Mellanox Connectx2 Issues


Recommended Posts

Hello, First time ever posting on a forum so if i do anything incorrectly im sorry...But i have a strange issue pertaining to mellanox cards... i have 2 connectx-2 cards one is in my unraid server and the other is in my windows 10 machine... I got everything setup correctly made sure all drivers and firmware were up to date on both cards on both systems... I have the card on my unraid box setup with an ip of 10.10.10.1 and my windows machine is 10.10.10.2... every so often on the windows side of things the card will drop connection by stating network cable unplugged or the connection will disable itself... Thus causing a call trace on unraid forcing me to perform an unclean shutdown and then a parity check... I've went into power management and made sure windows cannot turn off the card to save power and that didnt fix anything... So last night i disconnected the sfp+ cable between both machines and a call trace still occurred making me believe the issue could possibly be a compatibility issue with the cards and unraid because mellanox support told me they do not support unraid as an OS which confuses me because i see some other members here on this forum seem to be using Connectx-2 cards without issue... Any help in the matter would be greatly appreciated.... Thank you...

Link to comment
  • Replies 83
  • Created
  • Last Reply

Top Posters In This Topic

Hmmm... Could i possibly have a defective card then?
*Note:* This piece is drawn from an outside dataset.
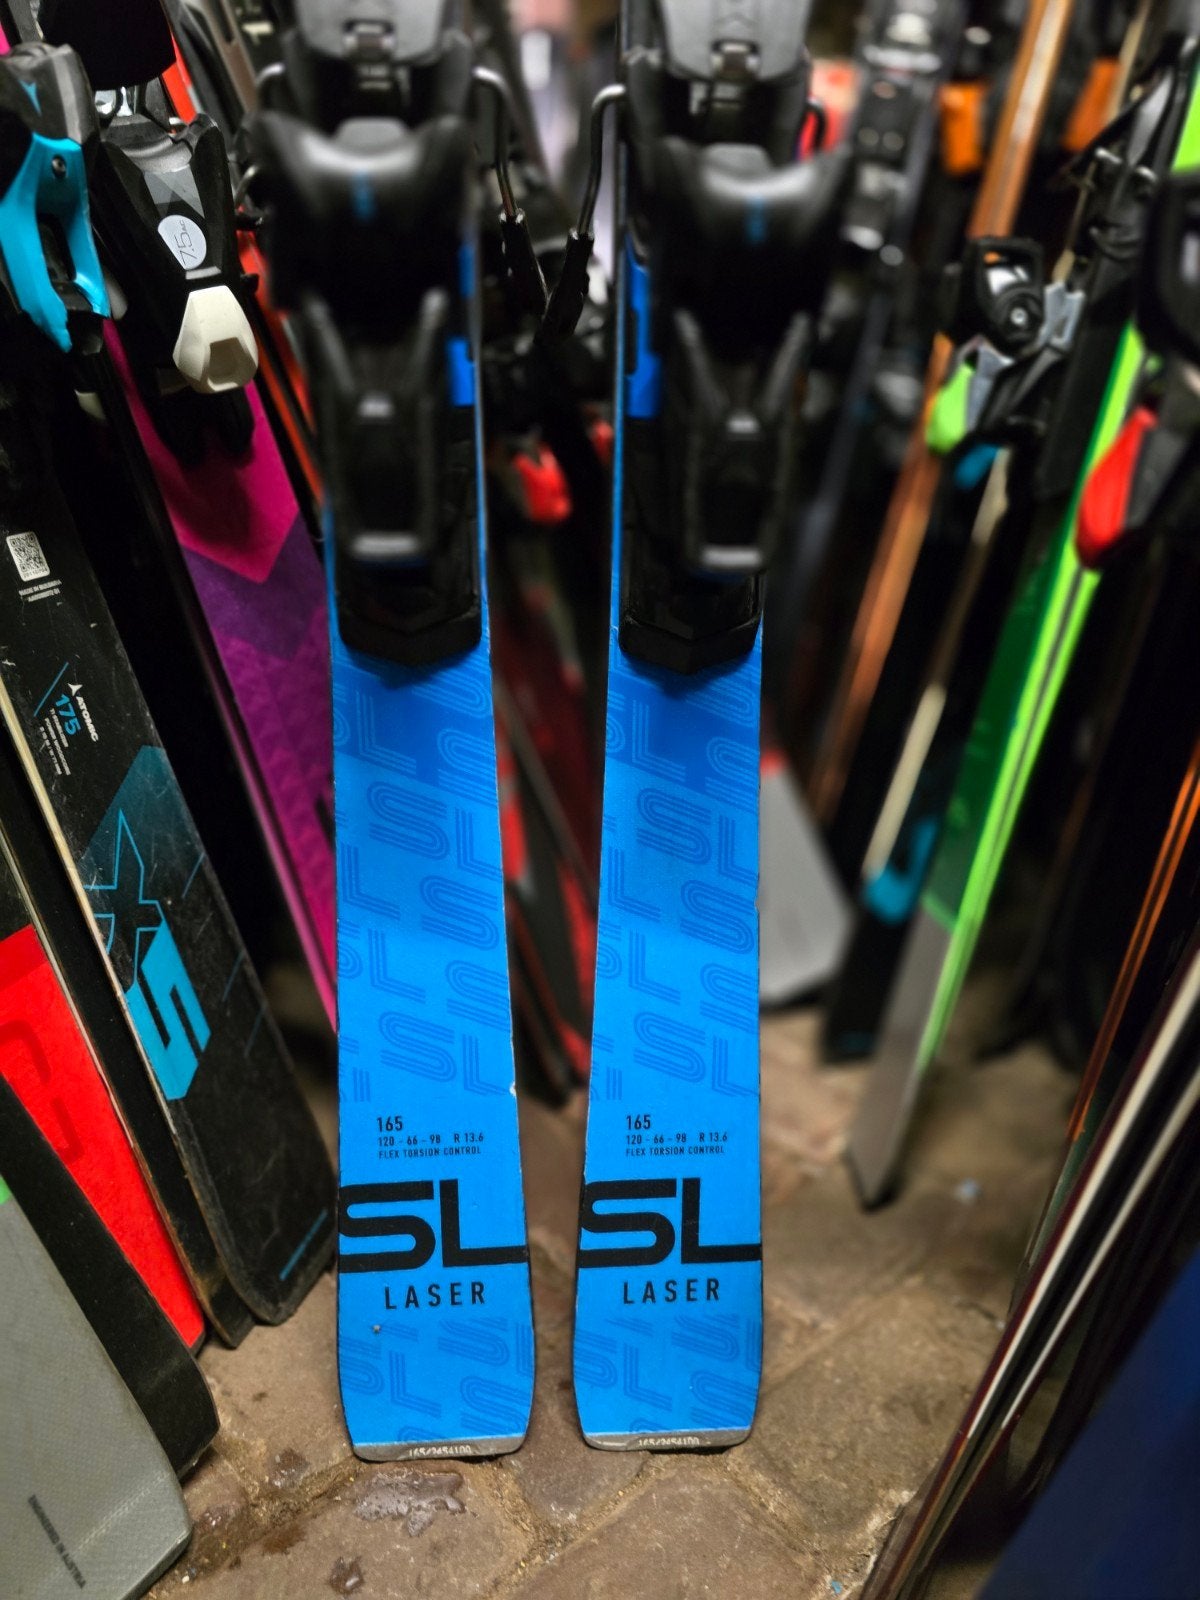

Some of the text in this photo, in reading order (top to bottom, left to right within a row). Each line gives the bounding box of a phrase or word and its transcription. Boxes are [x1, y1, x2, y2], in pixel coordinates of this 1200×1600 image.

Because during a parity check that was just started at around 2am of last night another call trace was listed and the cause was my connectx-2 card... I just removed the card from the system so that my parity check would actually complete because im getting tired of all the unclean shutdowns... This is the 4th or 5th one this week that unraid is stating is being caused by the mellanox card....

Link to comment

Then maybe ill put it into another windows machine and see if the issue still occurs between two windows based computers to see if the card is bad... Kinda sucks because i wanted the 10GB connection for large file dumps where regular everyday gigabit connection is too slow...

Edited by Hannibal
wrong wording
Link to comment

Cisco twinax cables... I'm going to put the card I suspect is faulty into another windows machine to see if the issue is still there... But I just can't deal with the call traces it's causing.... I've had atleast 4 unclean shutdowns this week because of it forcing me into unnecessary parity checks... 

Link to comment
2 hours ago, Hannibal said:

Cisco twinax cables... I'm going to put the card I suspect is faulty into another windows machine to see if the issue is still there... But I just can't deal with the call traces it's causing.... I've had atleast 4 unclean shutdowns this week because of it forcing me into unnecessary parity checks...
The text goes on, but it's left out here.